If it were in C++, I could just easily use a pointer - however, I'm writing this in C#.
So I created the following class:
public class PayloadSegment<T> : IEnumerable<T>
{
public readonly T[] Array;
public readonly int Offset;
public readonly int Count;
public PayloadSegment(T[] array, int offset, int count)
{
this.Array = array;
this.Offset = offset;
this.Count = count;
}
public T this[int index]
{
get
{
if (index < 0 || index >= this.Count)
throw new IndexOutOfRangeException();
else
return Array[Offset + index];
}
set
{
if (index < 0 || index >= this.Count)
throw new IndexOutOfRangeException();
else
Array[Offset + index] = value;
}
}
public IEnumerator<T> GetEnumerator()
{
for (int i = Offset; i < Offset + Count; i++)
yield return Array[i];
}
System.Collections.IEnumerator System.Collections.IEnumerable.GetEnumerator()
{
IEnumerator<T> enumerator = this.GetEnumerator();
while (enumerator.MoveNext())
{
yield return enumerator.Current;
}
}
}
This way I can simply reference a position inside the original byte array but use positional indexing. However, if I do something like:
PayloadSegment<byte> something = new PayloadSegment<byte>(someArray, 5, 10);
byte[] somethingArray = something.ToArray();
Will the somethingArray be a copy of the bytes, or a reference to the original PayloadSegment (which in turn is a reference to the original byte array)?

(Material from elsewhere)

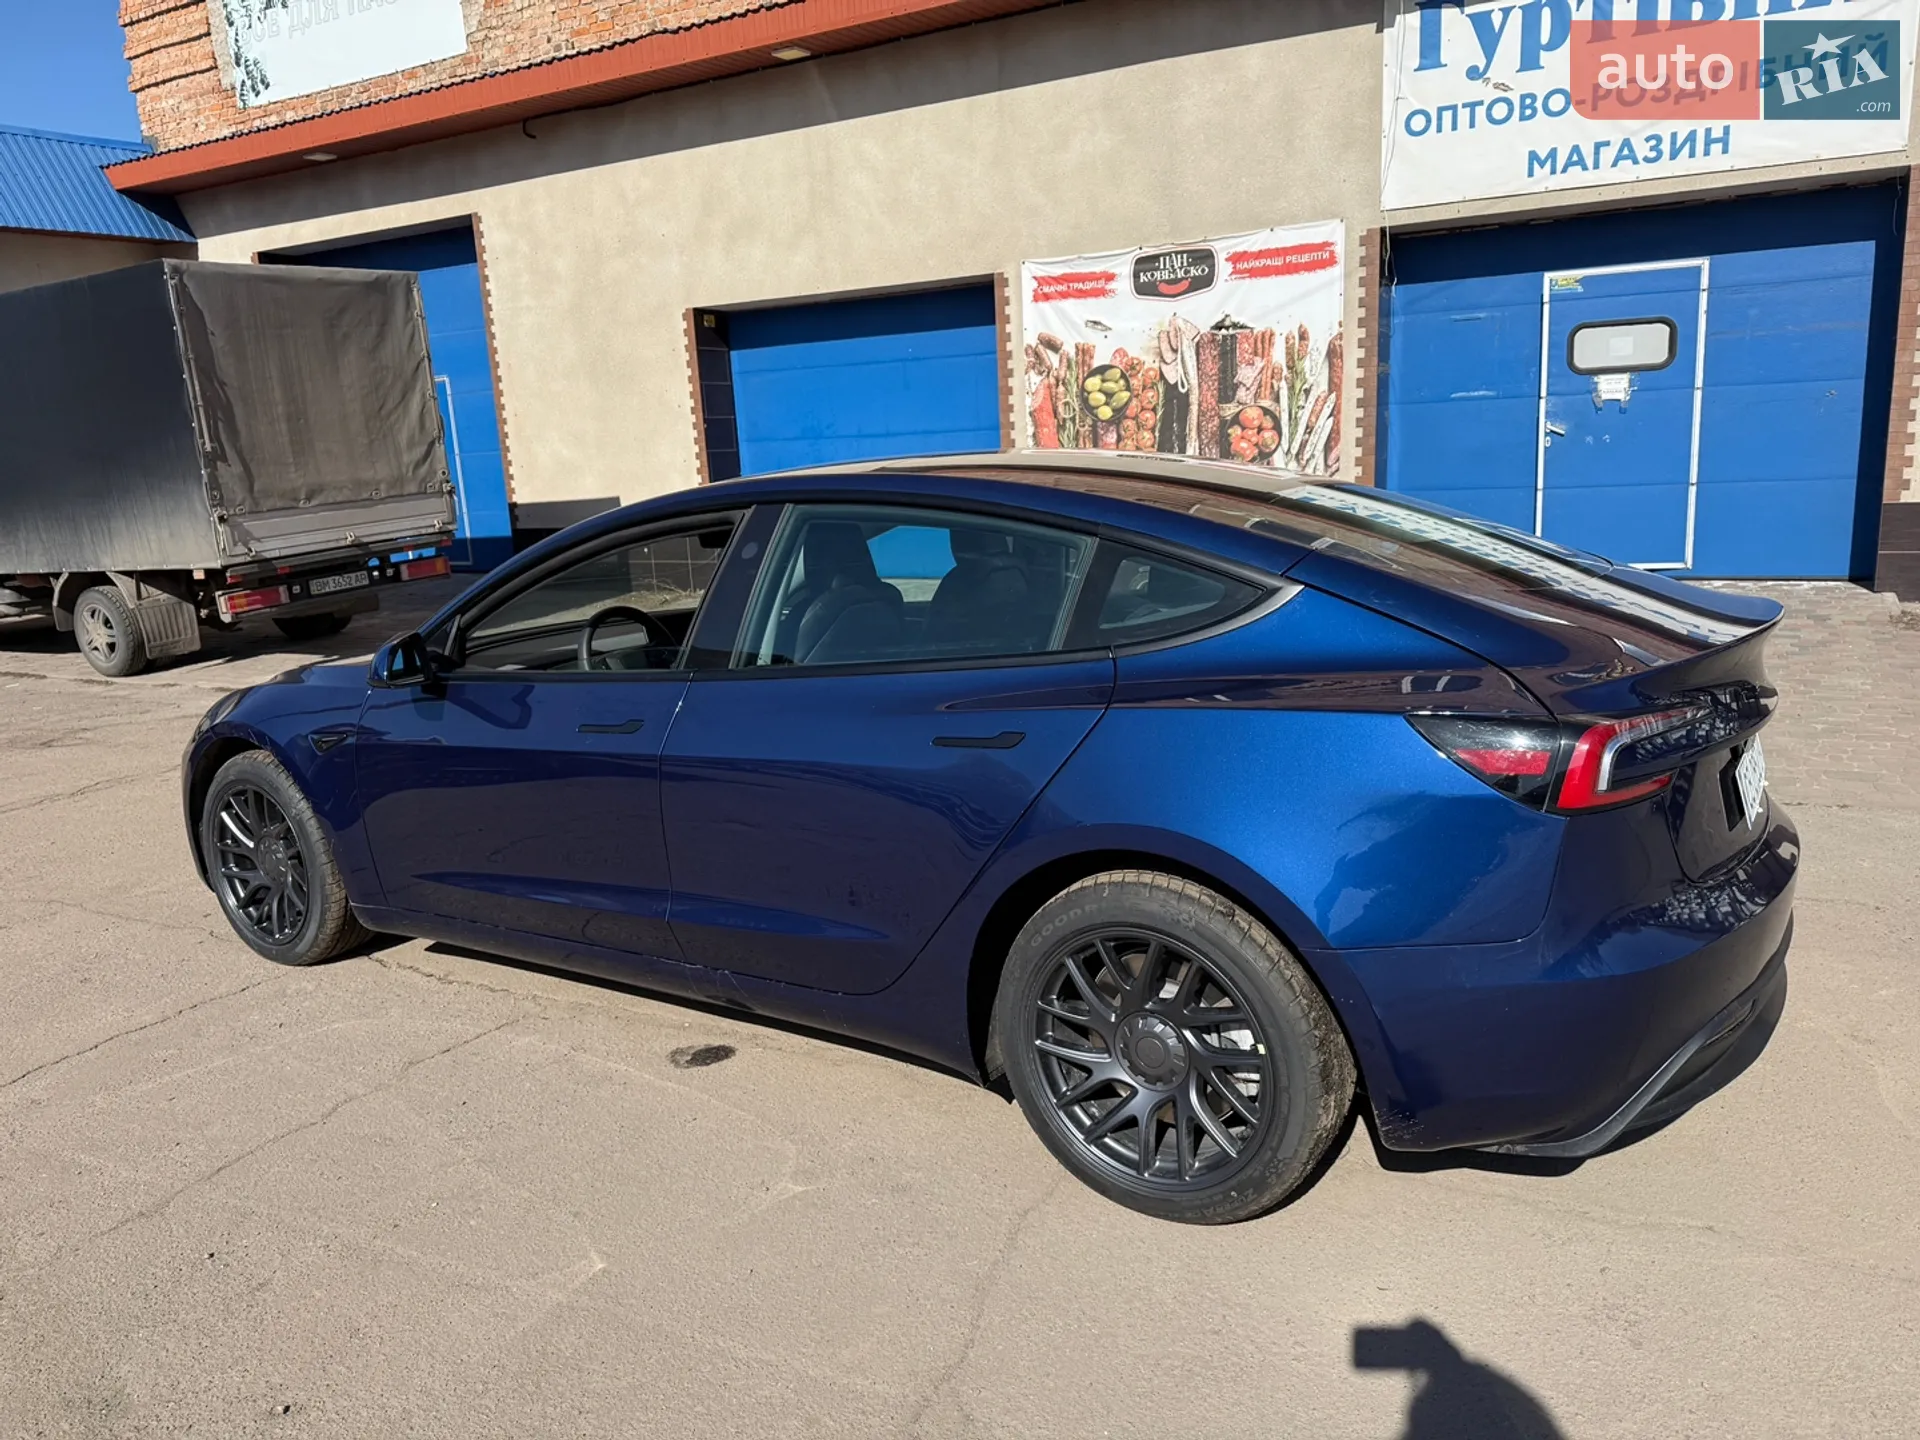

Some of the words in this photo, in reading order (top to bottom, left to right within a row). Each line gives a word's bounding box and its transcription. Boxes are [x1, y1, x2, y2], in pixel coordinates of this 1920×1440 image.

EDIT: Actually after rethinking this, can't I simply use a new MemoryStream(array, offset, length)?
The documentation for the Enumerable.ToArray extension method doesn't specifically mention what it does when it's passed a sequence that happens to already be an array. But a simple check with .NET Reflector reveals that it does indeed create a copy of the array.
It is worth noting however that when given a sequence that implements ICollection<T> (which Array does) the copy can be done much faster because the number of elements is known up front so it does not have to do dynamic resizing of the buffer such as List<T> does.

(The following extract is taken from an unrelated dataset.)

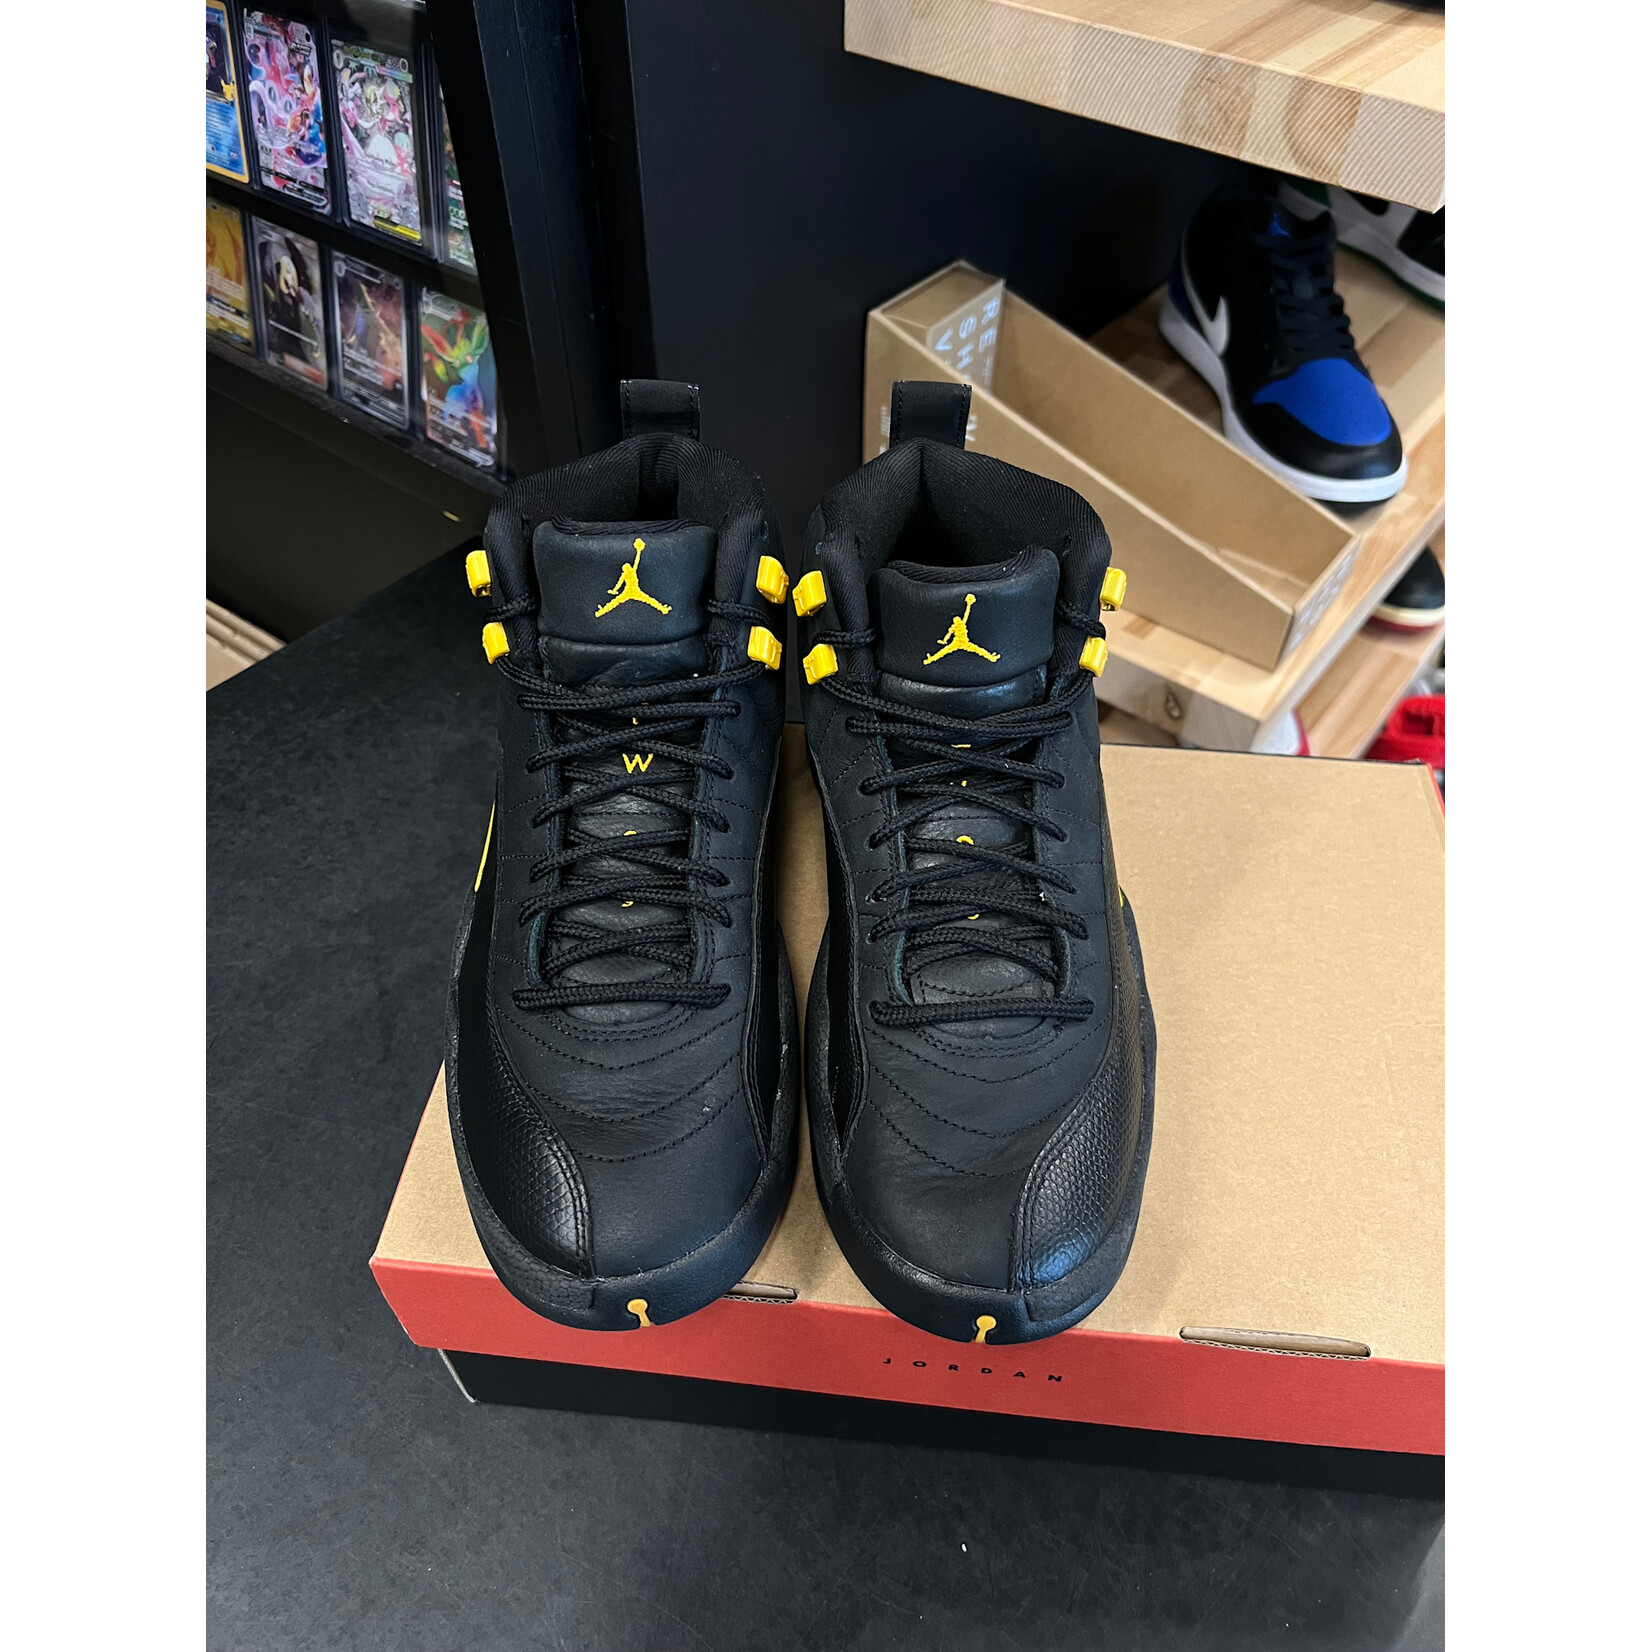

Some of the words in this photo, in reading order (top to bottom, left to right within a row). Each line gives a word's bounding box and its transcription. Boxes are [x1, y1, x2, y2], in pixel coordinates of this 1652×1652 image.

There is a very strong practice which suggests that calling "ToArray" on an object should return a new array which is detached from anything else. Nothing that is done to the original object should affect the array, and nothing which is done to the array should affect the original object. My personal preference would have been to call the routine "ToNewArray", to make explicit that each call will return a different new array.

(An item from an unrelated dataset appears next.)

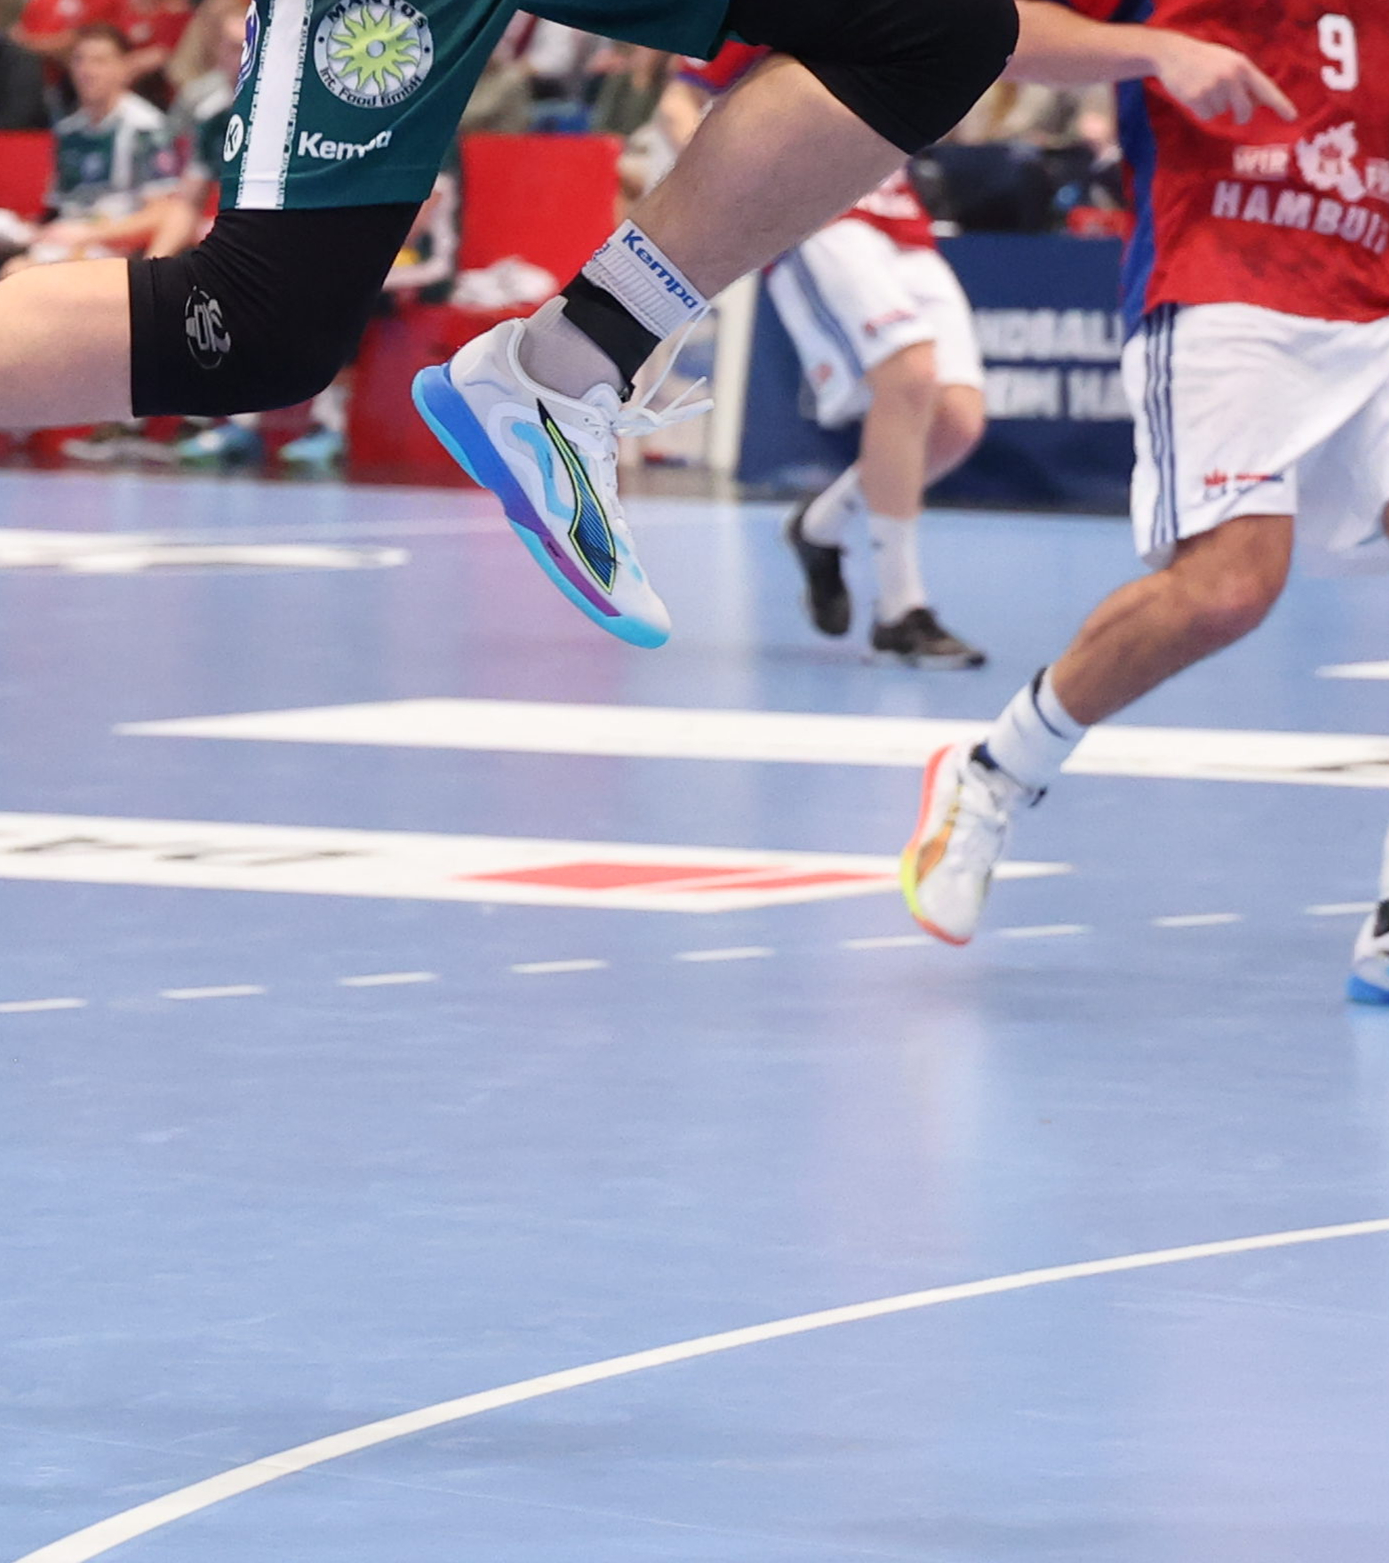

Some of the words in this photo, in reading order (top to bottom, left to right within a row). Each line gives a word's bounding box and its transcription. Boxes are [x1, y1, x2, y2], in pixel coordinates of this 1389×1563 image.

[1317, 13, 1359, 91] 9
[338, 88, 378, 107] Food
[621, 228, 699, 310] Kempa

A few of my classes have an "AsReadableArray", which returns an array which may or may not be attached to anything else. The array won't change in response to manipulations to the original object, but it's possible that multiple reads yielding the same data (which they often will) will return the same array. I really wish .net had an ImmutableArray type, supporting the same sorts of operations as String [a String, in essence, being an ImmutableArray(Of Char)], and a ReadableArray abstract type (from which both Array and ImmutableArray would inherit). I doubt such a thing could be squeezed into .Net 5.0, but it would allow a lot of things to be done much more cleanly.
It is a copy. When you call a To<Type> method, it creates a copy of the source element with the target Type
Because byte is a value type, the array will hold copies of the values, not pointers to them.
If you need the same behavior as an reference type, it is best to create a class that holds the byte has a property, and may group other data and functionality.
It's a copy. It would be very unintuitive if I passed something.ToArray() to some method, and the method changed the value of something by changing the array!